- Exercise requirements -
Retype all of the data. Every line must match exactly.

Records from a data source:
------------------------------------------------------------
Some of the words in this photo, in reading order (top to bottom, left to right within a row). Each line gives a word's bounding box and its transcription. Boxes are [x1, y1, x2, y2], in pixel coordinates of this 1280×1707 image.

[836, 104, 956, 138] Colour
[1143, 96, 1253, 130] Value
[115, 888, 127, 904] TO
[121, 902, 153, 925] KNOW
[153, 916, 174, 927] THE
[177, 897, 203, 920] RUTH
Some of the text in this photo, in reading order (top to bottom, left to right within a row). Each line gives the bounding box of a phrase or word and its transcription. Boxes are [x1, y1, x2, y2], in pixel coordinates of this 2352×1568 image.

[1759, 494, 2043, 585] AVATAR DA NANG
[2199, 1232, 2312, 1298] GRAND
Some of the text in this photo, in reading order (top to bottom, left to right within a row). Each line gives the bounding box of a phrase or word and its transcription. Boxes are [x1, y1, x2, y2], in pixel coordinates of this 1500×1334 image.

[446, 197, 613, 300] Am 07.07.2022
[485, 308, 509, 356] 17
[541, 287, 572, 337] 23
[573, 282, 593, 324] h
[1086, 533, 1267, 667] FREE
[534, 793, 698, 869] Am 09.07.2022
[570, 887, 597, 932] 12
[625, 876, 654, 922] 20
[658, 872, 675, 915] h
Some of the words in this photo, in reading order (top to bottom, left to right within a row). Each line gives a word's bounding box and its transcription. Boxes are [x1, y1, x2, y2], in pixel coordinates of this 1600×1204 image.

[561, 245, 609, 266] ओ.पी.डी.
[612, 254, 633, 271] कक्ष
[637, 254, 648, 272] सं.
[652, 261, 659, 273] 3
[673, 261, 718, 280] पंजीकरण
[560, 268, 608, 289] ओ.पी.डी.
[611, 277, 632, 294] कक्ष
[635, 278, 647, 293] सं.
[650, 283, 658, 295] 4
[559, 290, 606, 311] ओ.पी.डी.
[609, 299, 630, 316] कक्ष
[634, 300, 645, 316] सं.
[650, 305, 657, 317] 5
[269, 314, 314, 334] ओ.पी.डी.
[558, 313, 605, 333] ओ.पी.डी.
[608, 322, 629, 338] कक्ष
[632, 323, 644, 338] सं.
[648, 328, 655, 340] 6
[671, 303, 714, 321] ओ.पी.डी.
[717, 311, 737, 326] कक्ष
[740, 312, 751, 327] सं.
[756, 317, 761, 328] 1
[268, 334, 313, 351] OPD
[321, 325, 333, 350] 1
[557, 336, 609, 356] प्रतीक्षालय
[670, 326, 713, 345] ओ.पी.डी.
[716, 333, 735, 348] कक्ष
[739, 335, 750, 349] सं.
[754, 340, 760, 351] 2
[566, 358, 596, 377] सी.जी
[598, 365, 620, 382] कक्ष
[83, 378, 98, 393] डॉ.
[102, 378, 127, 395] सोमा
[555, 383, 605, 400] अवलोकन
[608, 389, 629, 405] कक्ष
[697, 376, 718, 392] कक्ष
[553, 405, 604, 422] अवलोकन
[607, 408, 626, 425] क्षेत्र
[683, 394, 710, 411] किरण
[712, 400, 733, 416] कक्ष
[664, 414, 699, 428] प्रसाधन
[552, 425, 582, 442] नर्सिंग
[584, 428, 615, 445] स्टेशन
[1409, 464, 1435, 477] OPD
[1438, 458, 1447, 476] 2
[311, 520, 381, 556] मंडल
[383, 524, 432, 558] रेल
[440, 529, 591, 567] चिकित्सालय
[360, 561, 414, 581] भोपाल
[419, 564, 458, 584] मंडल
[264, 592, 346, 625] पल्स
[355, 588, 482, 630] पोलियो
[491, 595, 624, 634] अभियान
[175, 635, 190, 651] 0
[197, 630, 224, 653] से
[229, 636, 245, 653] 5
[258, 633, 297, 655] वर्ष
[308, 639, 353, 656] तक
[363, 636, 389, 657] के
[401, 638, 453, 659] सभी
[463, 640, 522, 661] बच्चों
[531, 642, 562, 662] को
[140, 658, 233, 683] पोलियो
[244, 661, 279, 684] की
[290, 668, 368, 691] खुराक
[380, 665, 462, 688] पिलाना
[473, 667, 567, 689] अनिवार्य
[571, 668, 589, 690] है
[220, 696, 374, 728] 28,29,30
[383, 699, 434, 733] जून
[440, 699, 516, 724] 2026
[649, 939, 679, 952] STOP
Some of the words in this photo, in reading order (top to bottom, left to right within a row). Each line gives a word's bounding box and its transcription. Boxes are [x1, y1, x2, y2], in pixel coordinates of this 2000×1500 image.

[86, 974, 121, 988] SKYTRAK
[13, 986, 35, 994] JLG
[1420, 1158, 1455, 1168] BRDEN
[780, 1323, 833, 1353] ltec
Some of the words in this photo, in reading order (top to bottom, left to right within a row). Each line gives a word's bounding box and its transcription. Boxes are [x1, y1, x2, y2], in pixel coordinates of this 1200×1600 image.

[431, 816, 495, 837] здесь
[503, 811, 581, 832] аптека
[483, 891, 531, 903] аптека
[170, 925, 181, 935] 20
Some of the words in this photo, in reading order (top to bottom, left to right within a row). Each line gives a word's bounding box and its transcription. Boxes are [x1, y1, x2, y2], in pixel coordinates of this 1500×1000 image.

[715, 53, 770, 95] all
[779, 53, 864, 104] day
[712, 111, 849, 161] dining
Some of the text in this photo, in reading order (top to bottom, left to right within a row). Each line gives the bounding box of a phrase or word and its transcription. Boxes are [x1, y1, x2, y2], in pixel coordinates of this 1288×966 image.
------------------------------------------------------------
- Answer for the task -
Some of the words in this photo, in reading order (top to bottom, left to right within a row). Each line gives a word's bounding box and its transcription. Boxes are [x1, y1, x2, y2], in pixel coordinates of this 1280×1707 image.

[836, 104, 956, 138] Colour
[1143, 96, 1253, 130] Value
[115, 888, 127, 904] TO
[121, 902, 153, 925] KNOW
[153, 916, 174, 927] THE
[177, 897, 203, 920] RUTH
Some of the text in this photo, in reading order (top to bottom, left to right within a row). Each line gives the bounding box of a phrase or word and its transcription. Boxes are [x1, y1, x2, y2], in pixel coordinates of this 2352×1568 image.

[1759, 494, 2043, 585] AVATAR DA NANG
[2199, 1232, 2312, 1298] GRAND
Some of the text in this photo, in reading order (top to bottom, left to right within a row). Each line gives the bounding box of a phrase or word and its transcription. Boxes are [x1, y1, x2, y2], in pixel coordinates of this 1500×1334 image.

[446, 197, 613, 300] Am 07.07.2022
[485, 308, 509, 356] 17
[541, 287, 572, 337] 23
[573, 282, 593, 324] h
[1086, 533, 1267, 667] FREE
[534, 793, 698, 869] Am 09.07.2022
[570, 887, 597, 932] 12
[625, 876, 654, 922] 20
[658, 872, 675, 915] h
Some of the words in this photo, in reading order (top to bottom, left to right within a row). Each line gives a word's bounding box and its transcription. Boxes are [x1, y1, x2, y2], in pixel coordinates of this 1600×1204 image.

[561, 245, 609, 266] ओ.पी.डी.
[612, 254, 633, 271] कक्ष
[637, 254, 648, 272] सं.
[652, 261, 659, 273] 3
[673, 261, 718, 280] पंजीकरण
[560, 268, 608, 289] ओ.पी.डी.
[611, 277, 632, 294] कक्ष
[635, 278, 647, 293] सं.
[650, 283, 658, 295] 4
[559, 290, 606, 311] ओ.पी.डी.
[609, 299, 630, 316] कक्ष
[634, 300, 645, 316] सं.
[650, 305, 657, 317] 5
[269, 314, 314, 334] ओ.पी.डी.
[558, 313, 605, 333] ओ.पी.डी.
[608, 322, 629, 338] कक्ष
[632, 323, 644, 338] सं.
[648, 328, 655, 340] 6
[671, 303, 714, 321] ओ.पी.डी.
[717, 311, 737, 326] कक्ष
[740, 312, 751, 327] सं.
[756, 317, 761, 328] 1
[268, 334, 313, 351] OPD
[321, 325, 333, 350] 1
[557, 336, 609, 356] प्रतीक्षालय
[670, 326, 713, 345] ओ.पी.डी.
[716, 333, 735, 348] कक्ष
[739, 335, 750, 349] सं.
[754, 340, 760, 351] 2
[566, 358, 596, 377] सी.जी
[598, 365, 620, 382] कक्ष
[83, 378, 98, 393] डॉ.
[102, 378, 127, 395] सोमा
[555, 383, 605, 400] अवलोकन
[608, 389, 629, 405] कक्ष
[697, 376, 718, 392] कक्ष
[553, 405, 604, 422] अवलोकन
[607, 408, 626, 425] क्षेत्र
[683, 394, 710, 411] किरण
[712, 400, 733, 416] कक्ष
[664, 414, 699, 428] प्रसाधन
[552, 425, 582, 442] नर्सिंग
[584, 428, 615, 445] स्टेशन
[1409, 464, 1435, 477] OPD
[1438, 458, 1447, 476] 2
[311, 520, 381, 556] मंडल
[383, 524, 432, 558] रेल
[440, 529, 591, 567] चिकित्सालय
[360, 561, 414, 581] भोपाल
[419, 564, 458, 584] मंडल
[264, 592, 346, 625] पल्स
[355, 588, 482, 630] पोलियो
[491, 595, 624, 634] अभियान
[175, 635, 190, 651] 0
[197, 630, 224, 653] से
[229, 636, 245, 653] 5
[258, 633, 297, 655] वर्ष
[308, 639, 353, 656] तक
[363, 636, 389, 657] के
[401, 638, 453, 659] सभी
[463, 640, 522, 661] बच्चों
[531, 642, 562, 662] को
[140, 658, 233, 683] पोलियो
[244, 661, 279, 684] की
[290, 668, 368, 691] खुराक
[380, 665, 462, 688] पिलाना
[473, 667, 567, 689] अनिवार्य
[571, 668, 589, 690] है
[220, 696, 374, 728] 28,29,30
[383, 699, 434, 733] जून
[440, 699, 516, 724] 2026
[649, 939, 679, 952] STOP
Some of the words in this photo, in reading order (top to bottom, left to right within a row). Each line gives a word's bounding box and its transcription. Boxes are [x1, y1, x2, y2], in pixel coordinates of this 2000×1500 image.

[86, 974, 121, 988] SKYTRAK
[13, 986, 35, 994] JLG
[1420, 1158, 1455, 1168] BRDEN
[780, 1323, 833, 1353] ltec
Some of the words in this photo, in reading order (top to bottom, left to right within a row). Each line gives a word's bounding box and its transcription. Boxes are [x1, y1, x2, y2], in pixel coordinates of this 1200×1600 image.

[431, 816, 495, 837] здесь
[503, 811, 581, 832] аптека
[483, 891, 531, 903] аптека
[170, 925, 181, 935] 20
Some of the words in this photo, in reading order (top to bottom, left to right within a row). Each line gives a word's bounding box and its transcription. Boxes are [x1, y1, x2, y2], in pixel coordinates of this 1500×1000 image.

[715, 53, 770, 95] all
[779, 53, 864, 104] day
[712, 111, 849, 161] dining
Some of the text in this photo, in reading order (top to bottom, left to right within a row). Each line gives the bounding box of a phrase or word and its transcription. Boxes are [x1, y1, x2, y2], in pixel coordinates of this 1288×966 image.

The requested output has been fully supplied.